[Stored entries]

________________________

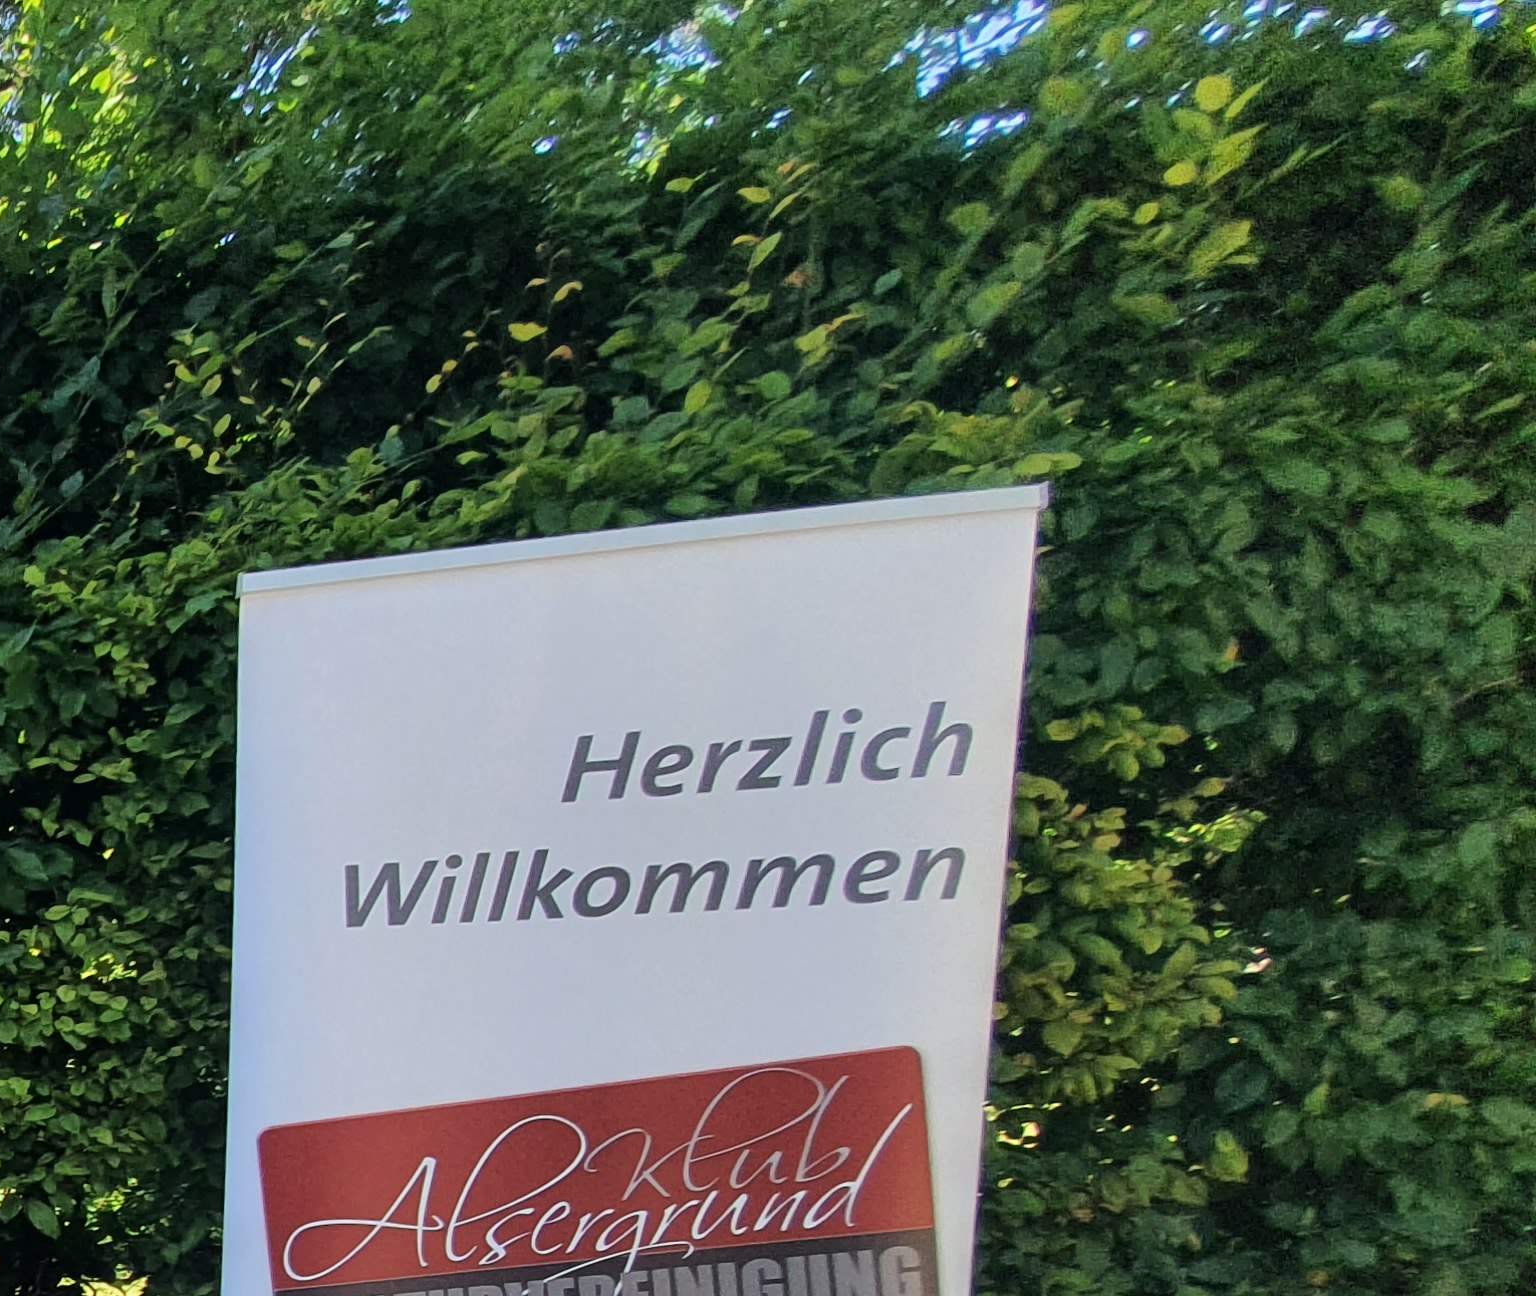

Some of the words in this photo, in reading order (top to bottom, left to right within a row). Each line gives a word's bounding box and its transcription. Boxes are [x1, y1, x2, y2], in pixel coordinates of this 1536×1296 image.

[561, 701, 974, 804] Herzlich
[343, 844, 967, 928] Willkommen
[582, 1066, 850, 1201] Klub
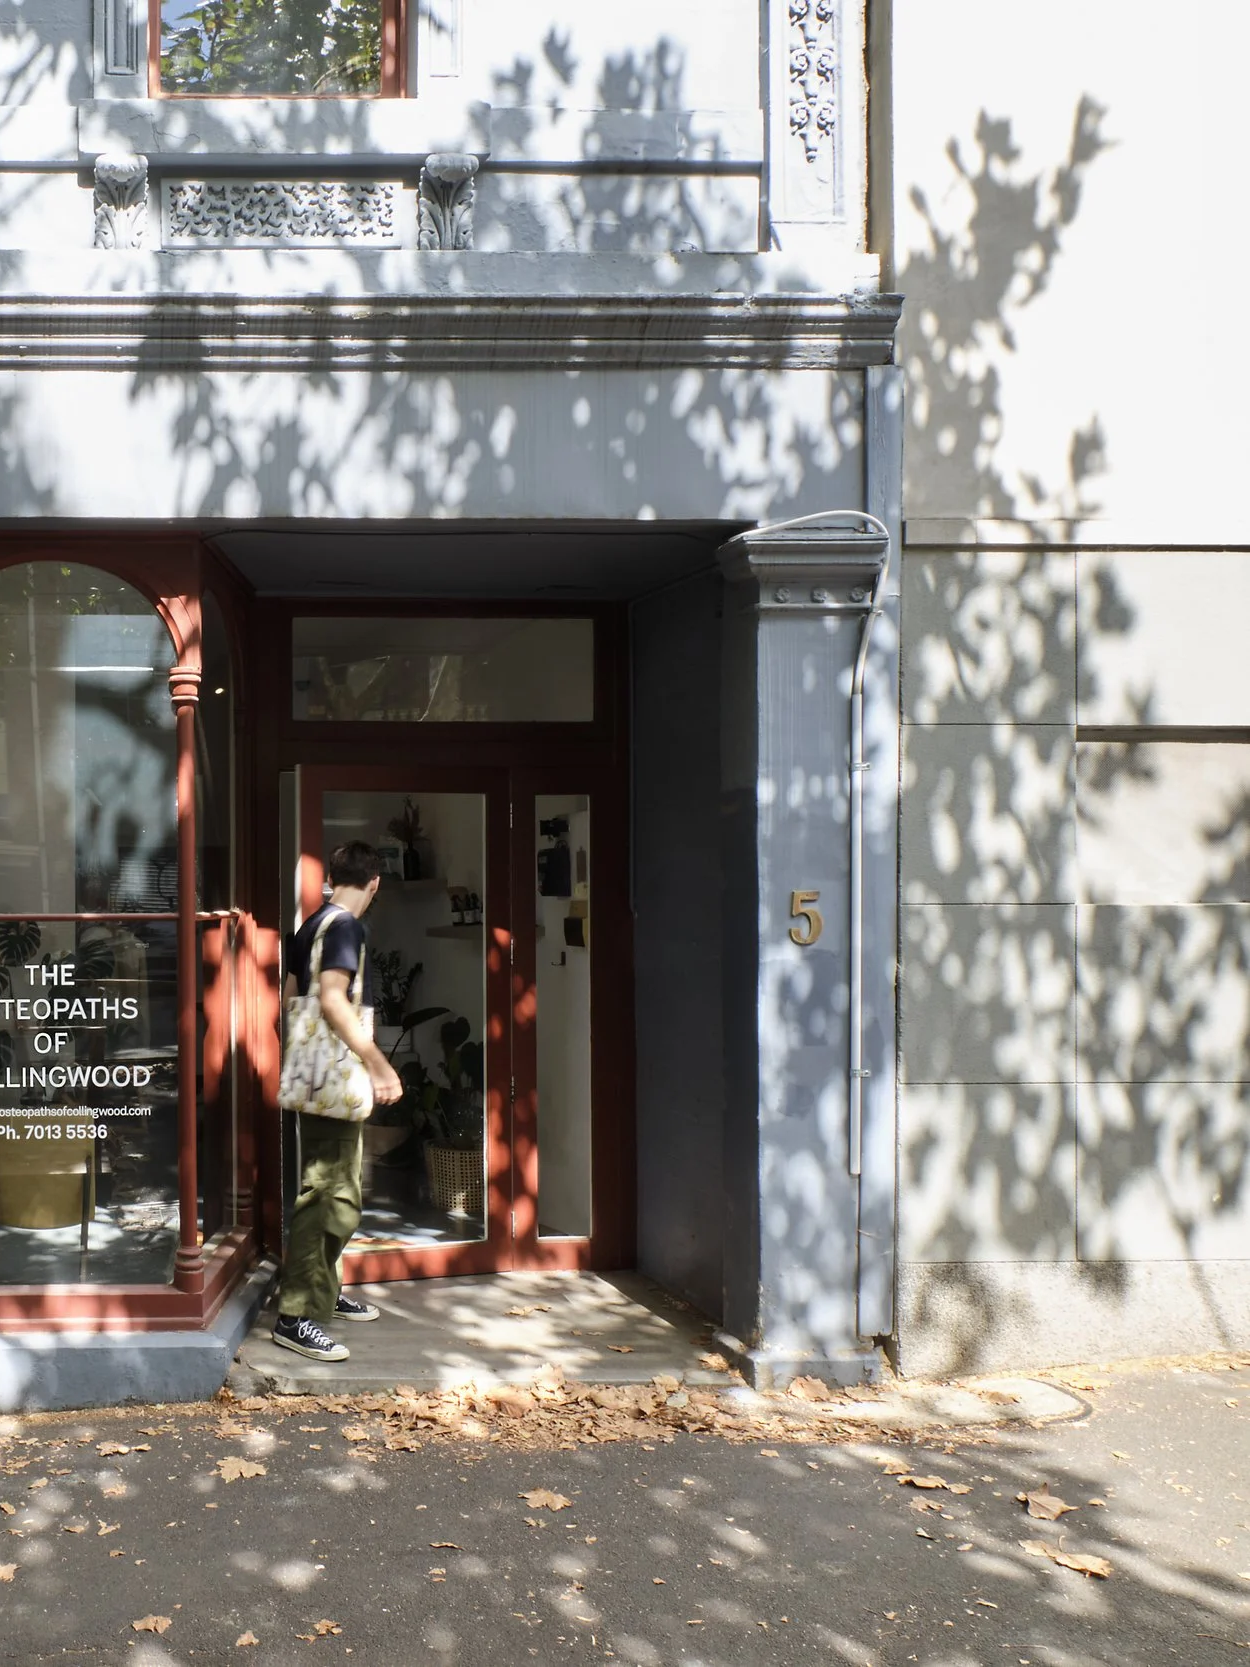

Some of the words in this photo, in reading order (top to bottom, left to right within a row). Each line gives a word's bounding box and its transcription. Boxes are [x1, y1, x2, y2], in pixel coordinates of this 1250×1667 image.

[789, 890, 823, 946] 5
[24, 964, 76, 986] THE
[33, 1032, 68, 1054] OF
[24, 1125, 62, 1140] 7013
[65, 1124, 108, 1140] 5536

________________________

▸ TRY IT: Every entry above should be printed again exactly, except for the pictures.

▸ RESULT OF THE TASK:
Some of the words in this photo, in reading order (top to bottom, left to right within a row). Each line gives a word's bounding box and its transcription. Boxes are [x1, y1, x2, y2], in pixel coordinates of this 1536×1296 image.

[561, 701, 974, 804] Herzlich
[343, 844, 967, 928] Willkommen
[582, 1066, 850, 1201] Klub

Some of the words in this photo, in reading order (top to bottom, left to right within a row). Each line gives a word's bounding box and its transcription. Boxes are [x1, y1, x2, y2], in pixel coordinates of this 1250×1667 image.

[789, 890, 823, 946] 5
[24, 964, 76, 986] THE
[33, 1032, 68, 1054] OF
[24, 1125, 62, 1140] 7013
[65, 1124, 108, 1140] 5536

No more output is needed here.